── Recorded information

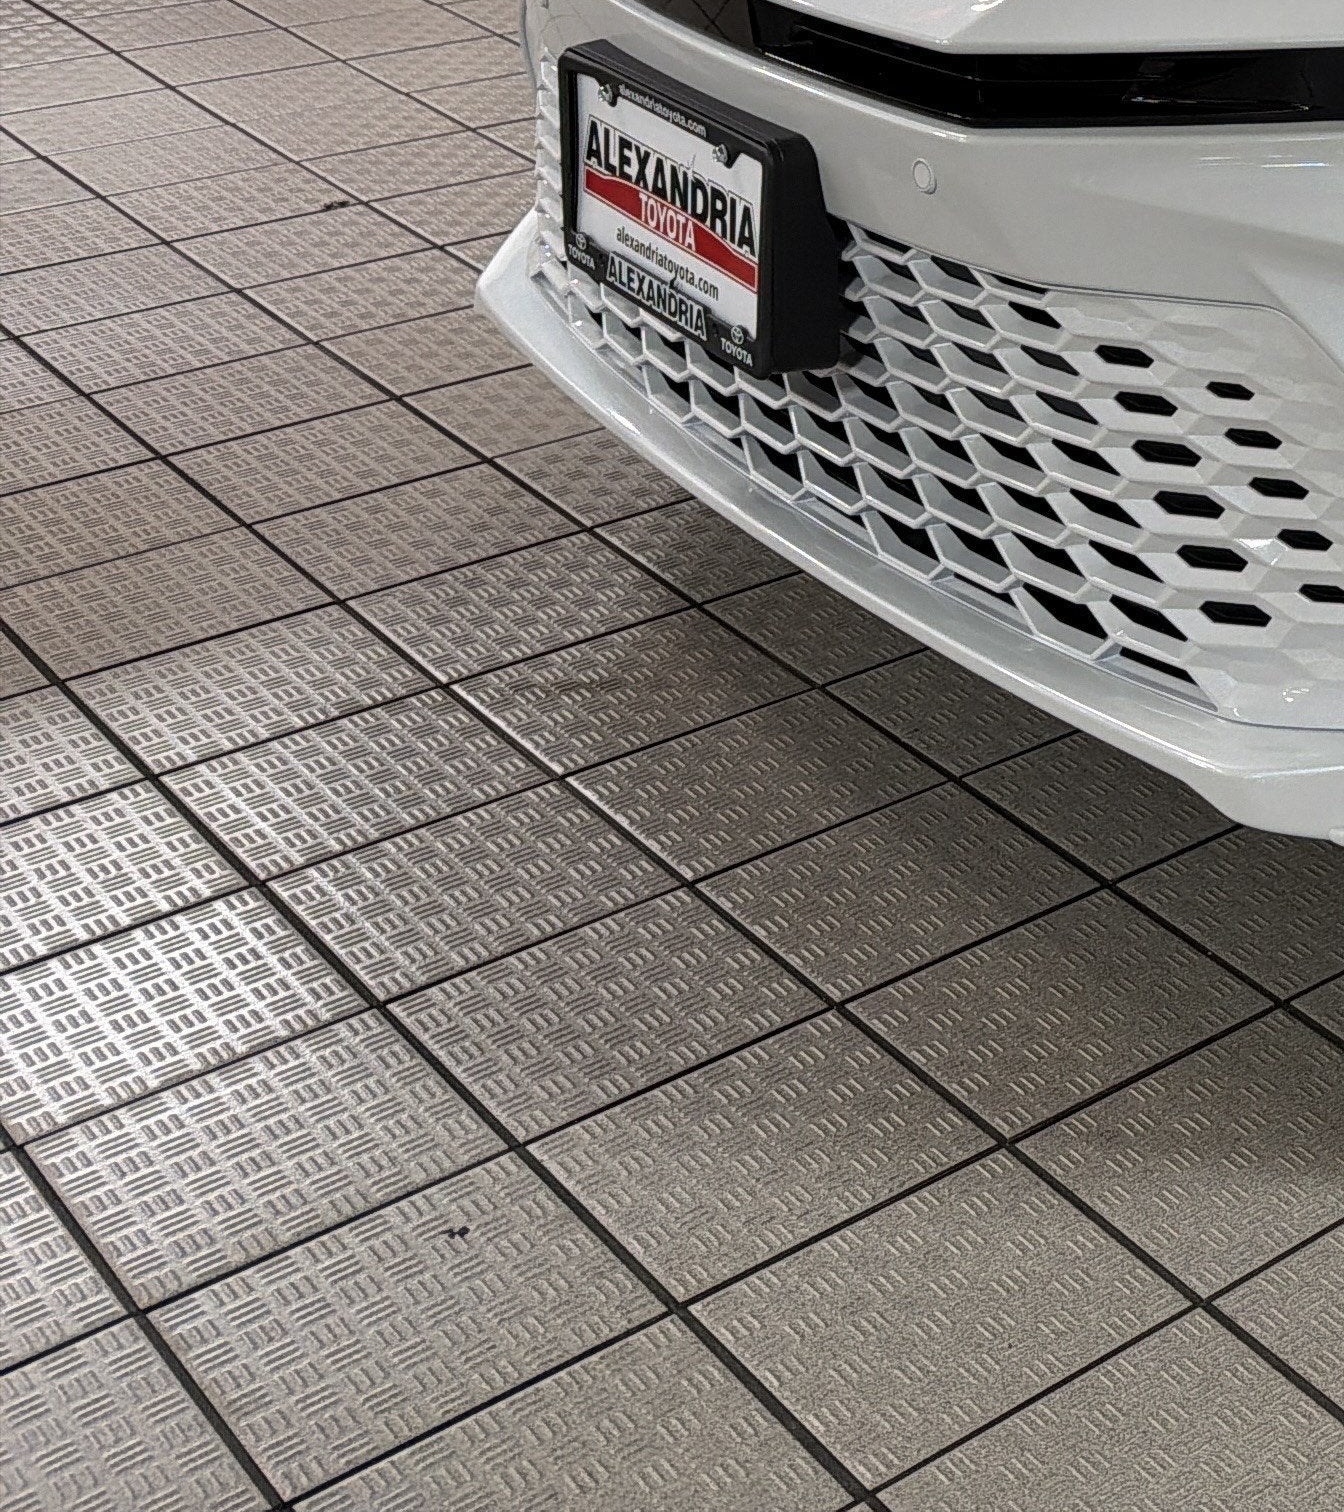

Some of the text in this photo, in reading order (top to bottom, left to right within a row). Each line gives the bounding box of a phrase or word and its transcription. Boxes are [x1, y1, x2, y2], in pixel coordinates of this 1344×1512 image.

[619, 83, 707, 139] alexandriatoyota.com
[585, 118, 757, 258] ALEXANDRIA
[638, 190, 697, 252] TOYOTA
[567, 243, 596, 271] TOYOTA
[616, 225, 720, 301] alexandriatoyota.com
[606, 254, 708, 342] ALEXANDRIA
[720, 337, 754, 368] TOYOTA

────

Task brief: Retype the data above exactly. Do not carry over any images.

Answer for the task:
Some of the text in this photo, in reading order (top to bottom, left to right within a row). Each line gives the bounding box of a phrase or word and its transcription. Boxes are [x1, y1, x2, y2], in pixel coordinates of this 1344×1512 image.

[619, 83, 707, 139] alexandriatoyota.com
[585, 118, 757, 258] ALEXANDRIA
[638, 190, 697, 252] TOYOTA
[567, 243, 596, 271] TOYOTA
[616, 225, 720, 301] alexandriatoyota.com
[606, 254, 708, 342] ALEXANDRIA
[720, 337, 754, 368] TOYOTA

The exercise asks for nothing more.